### SOURCE MATERIAL
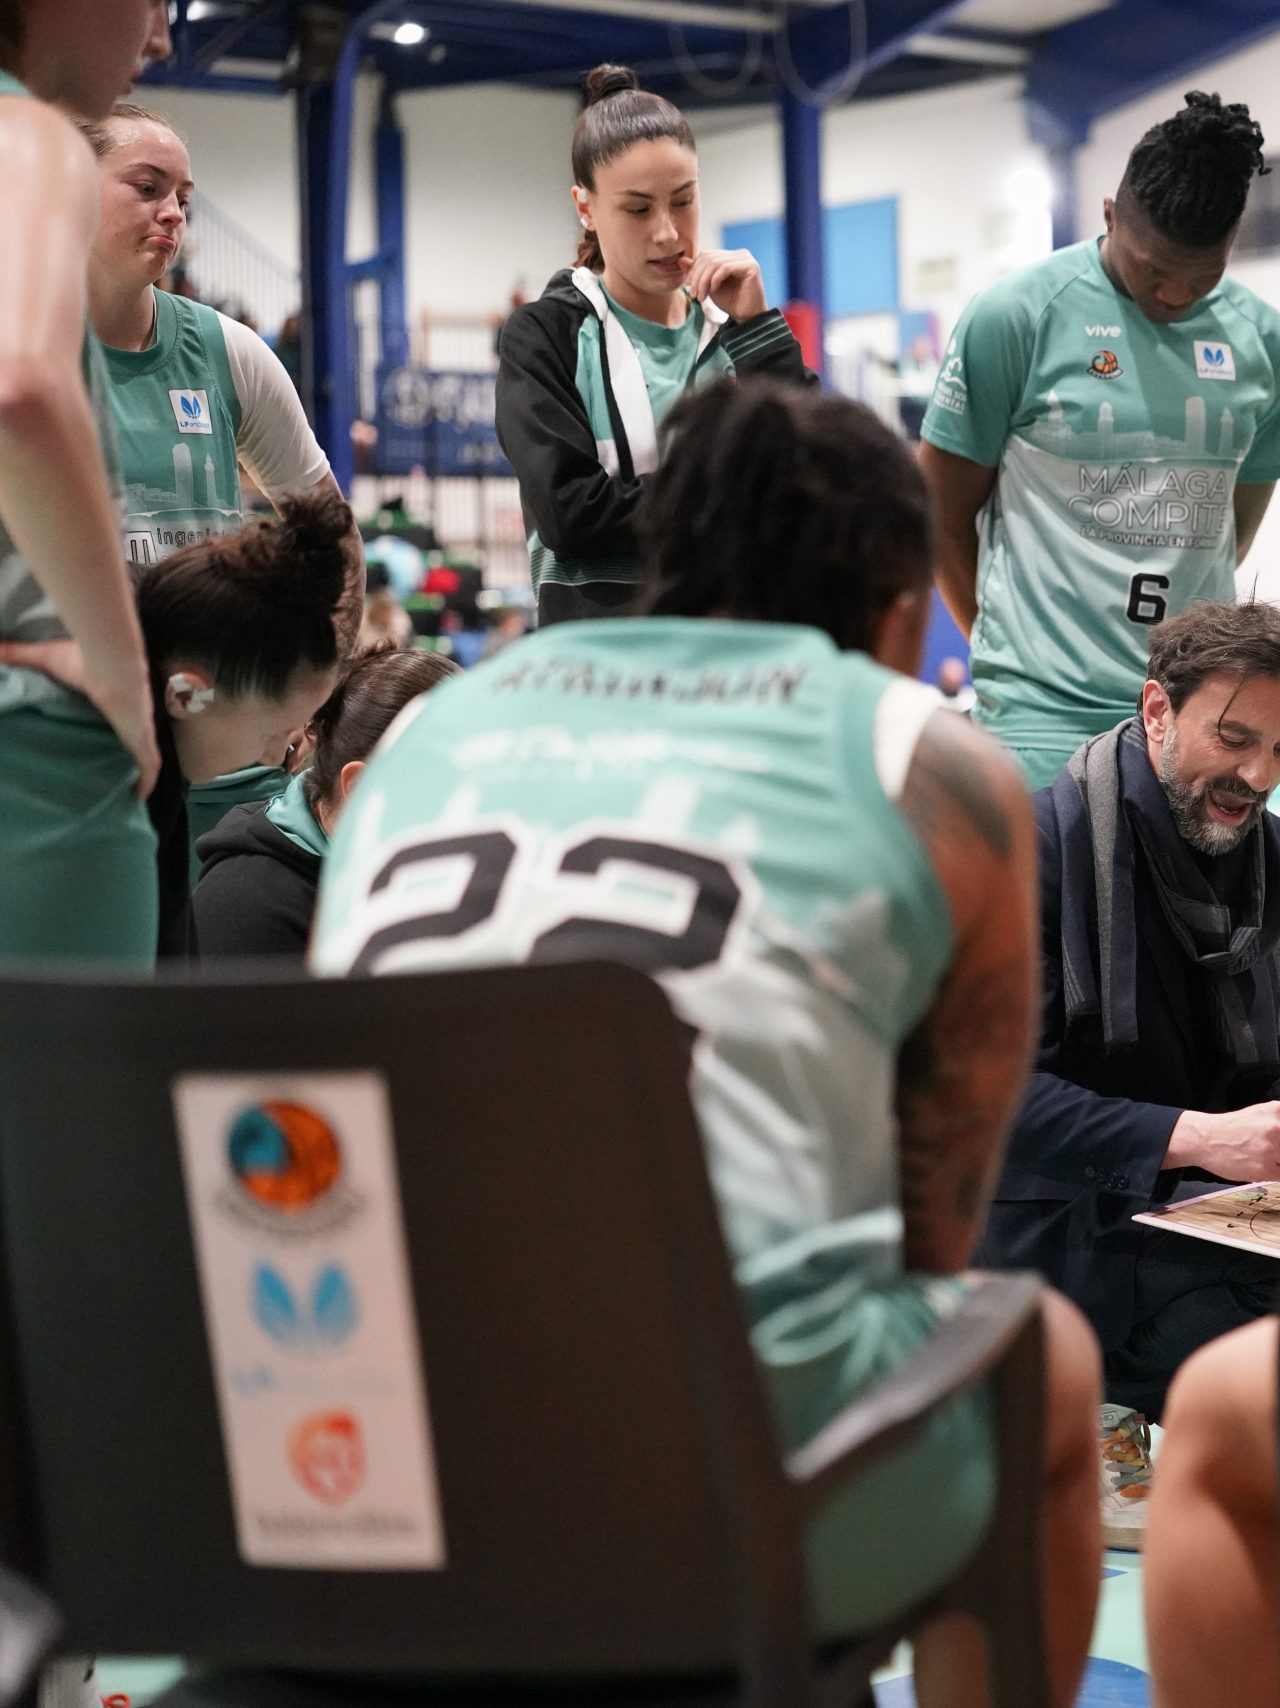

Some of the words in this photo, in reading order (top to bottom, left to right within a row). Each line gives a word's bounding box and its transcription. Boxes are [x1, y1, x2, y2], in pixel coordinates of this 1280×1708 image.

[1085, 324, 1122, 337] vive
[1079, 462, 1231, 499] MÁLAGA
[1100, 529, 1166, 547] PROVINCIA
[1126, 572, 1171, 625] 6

### TASK TO CARRY OUT
Where the material contains pictures, leave them out and copy the rest verbatim.

### SOLUTION FOR THIS PROBLEM
Some of the words in this photo, in reading order (top to bottom, left to right within a row). Each line gives a word's bounding box and its transcription. Boxes are [x1, y1, x2, y2], in pixel coordinates of this 1280×1708 image.

[1085, 324, 1122, 337] vive
[1079, 462, 1231, 499] MÁLAGA
[1100, 529, 1166, 547] PROVINCIA
[1126, 572, 1171, 625] 6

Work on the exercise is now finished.